A faithful copy of every entry is the goal; keep the images out of it.

(Extracted data entries)

=== Begin Enclosure ===

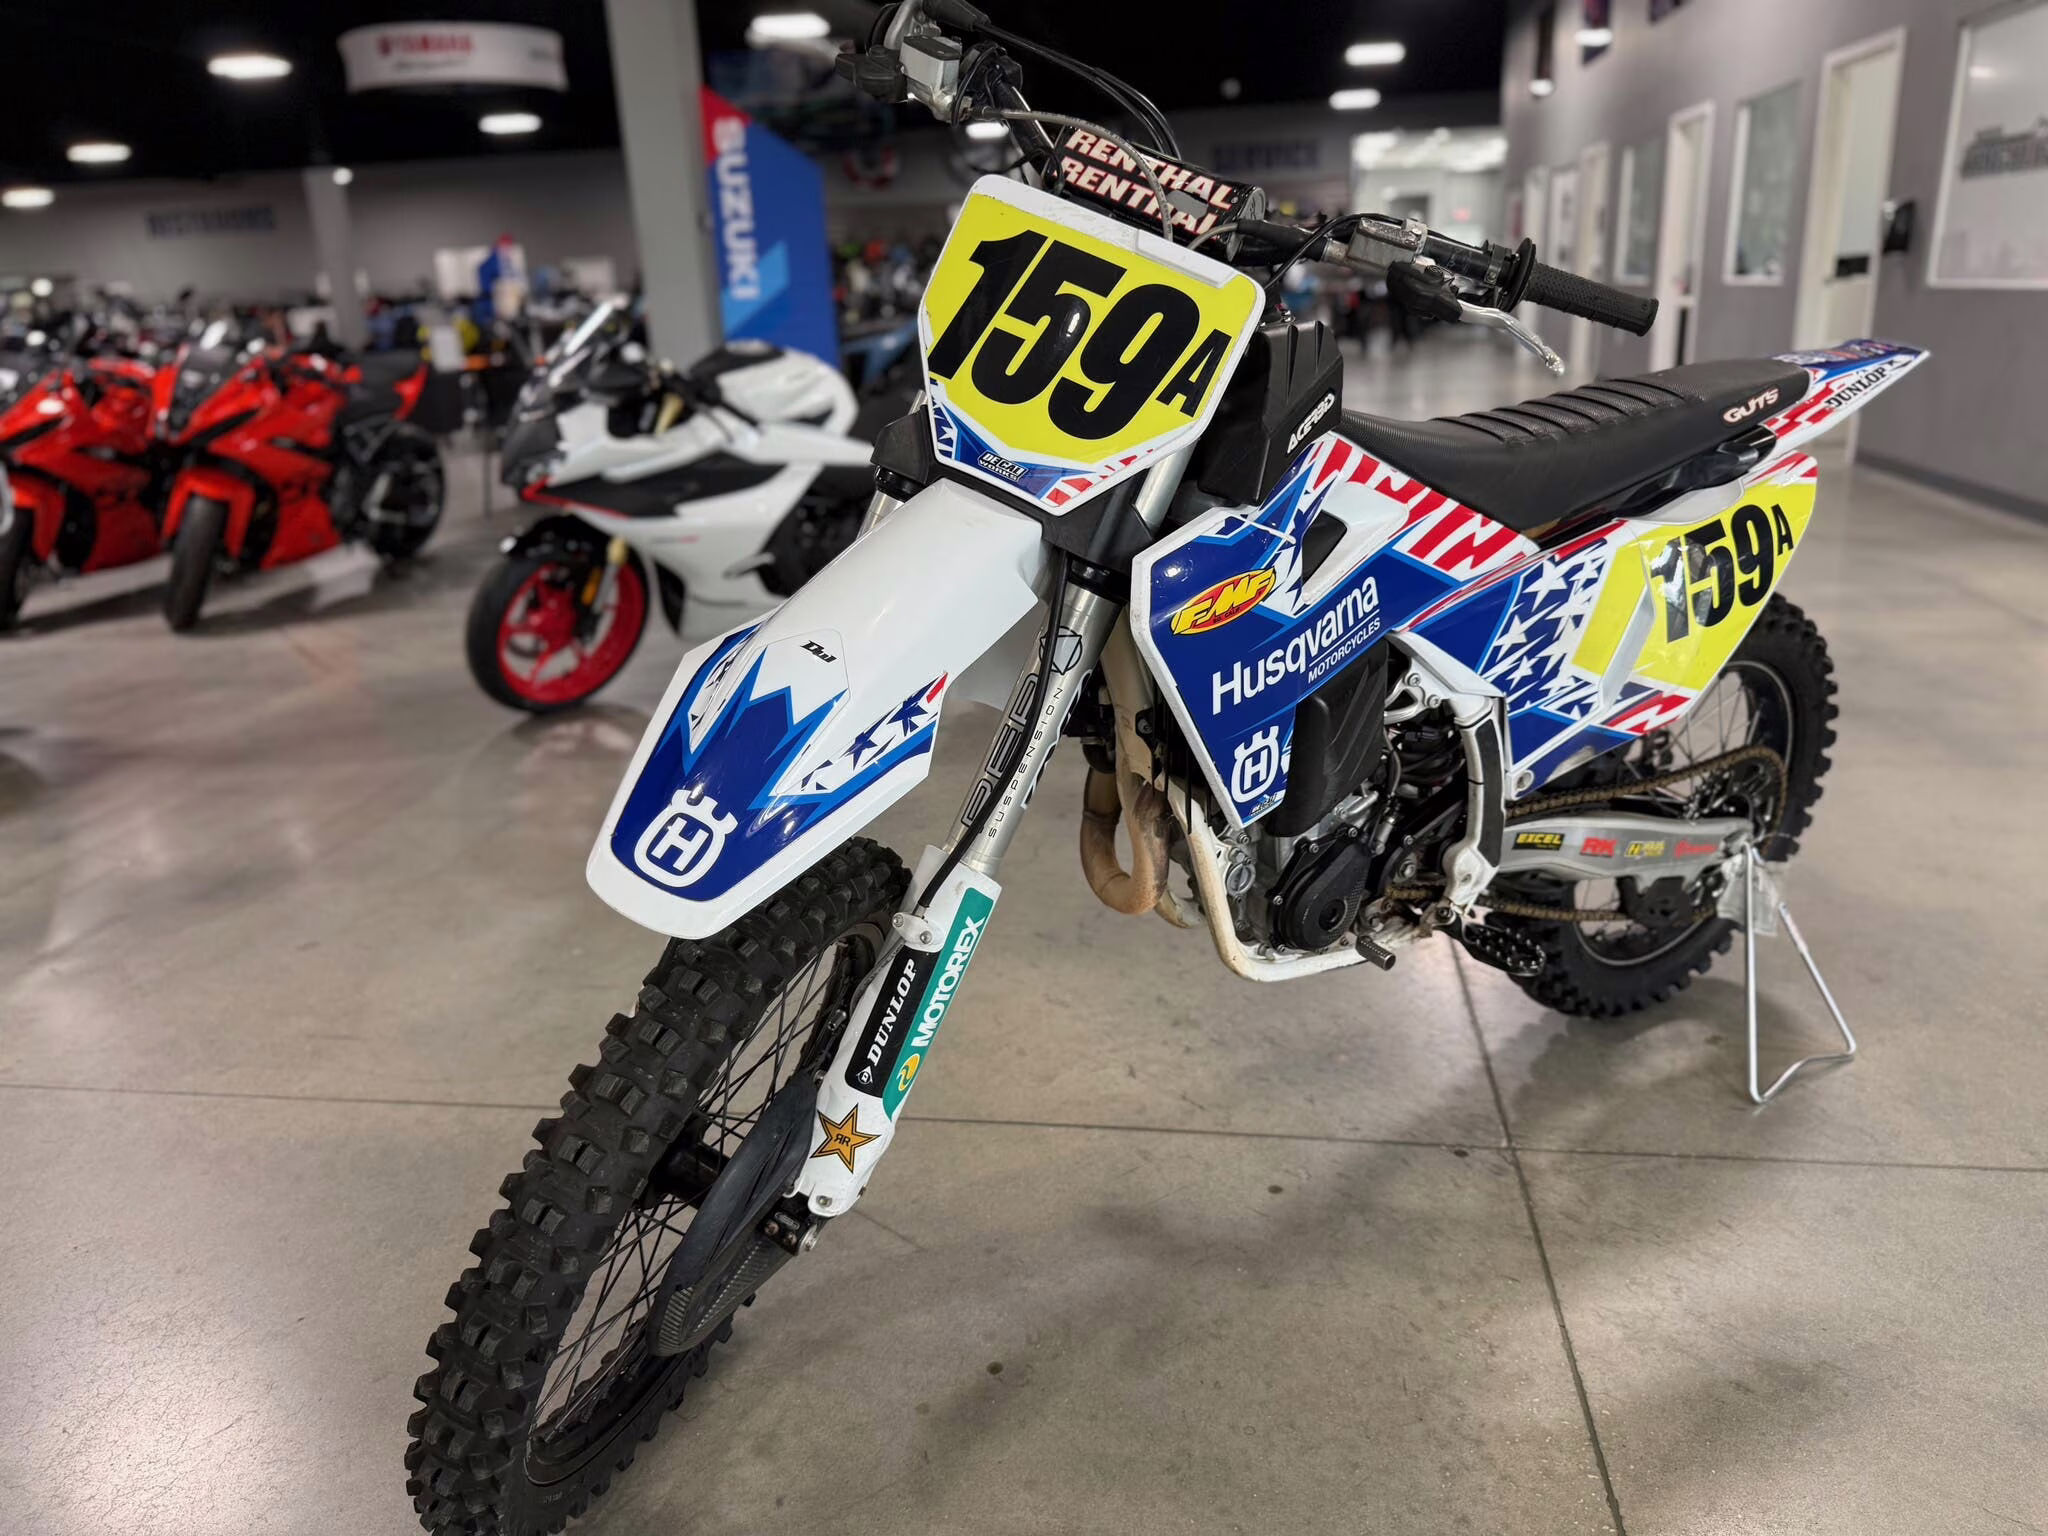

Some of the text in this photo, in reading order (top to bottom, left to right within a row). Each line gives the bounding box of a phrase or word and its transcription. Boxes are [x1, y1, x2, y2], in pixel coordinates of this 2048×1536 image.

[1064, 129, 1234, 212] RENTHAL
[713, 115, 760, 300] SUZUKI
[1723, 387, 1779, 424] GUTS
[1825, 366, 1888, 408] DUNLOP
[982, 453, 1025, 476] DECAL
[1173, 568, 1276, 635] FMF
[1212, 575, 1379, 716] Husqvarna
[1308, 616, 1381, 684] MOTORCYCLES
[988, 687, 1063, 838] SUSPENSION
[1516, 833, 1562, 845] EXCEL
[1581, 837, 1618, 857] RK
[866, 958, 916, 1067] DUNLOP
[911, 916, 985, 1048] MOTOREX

=== End Enclosure ===

**RESPONSE TO THE TASK:**
Some of the text in this photo, in reading order (top to bottom, left to right within a row). Each line gives the bounding box of a phrase or word and its transcription. Boxes are [x1, y1, x2, y2], in pixel coordinates of this 2048×1536 image.

[1064, 129, 1234, 212] RENTHAL
[713, 115, 760, 300] SUZUKI
[1723, 387, 1779, 424] GUTS
[1825, 366, 1888, 408] DUNLOP
[982, 453, 1025, 476] DECAL
[1173, 568, 1276, 635] FMF
[1212, 575, 1379, 716] Husqvarna
[1308, 616, 1381, 684] MOTORCYCLES
[988, 687, 1063, 838] SUSPENSION
[1516, 833, 1562, 845] EXCEL
[1581, 837, 1618, 857] RK
[866, 958, 916, 1067] DUNLOP
[911, 916, 985, 1048] MOTOREX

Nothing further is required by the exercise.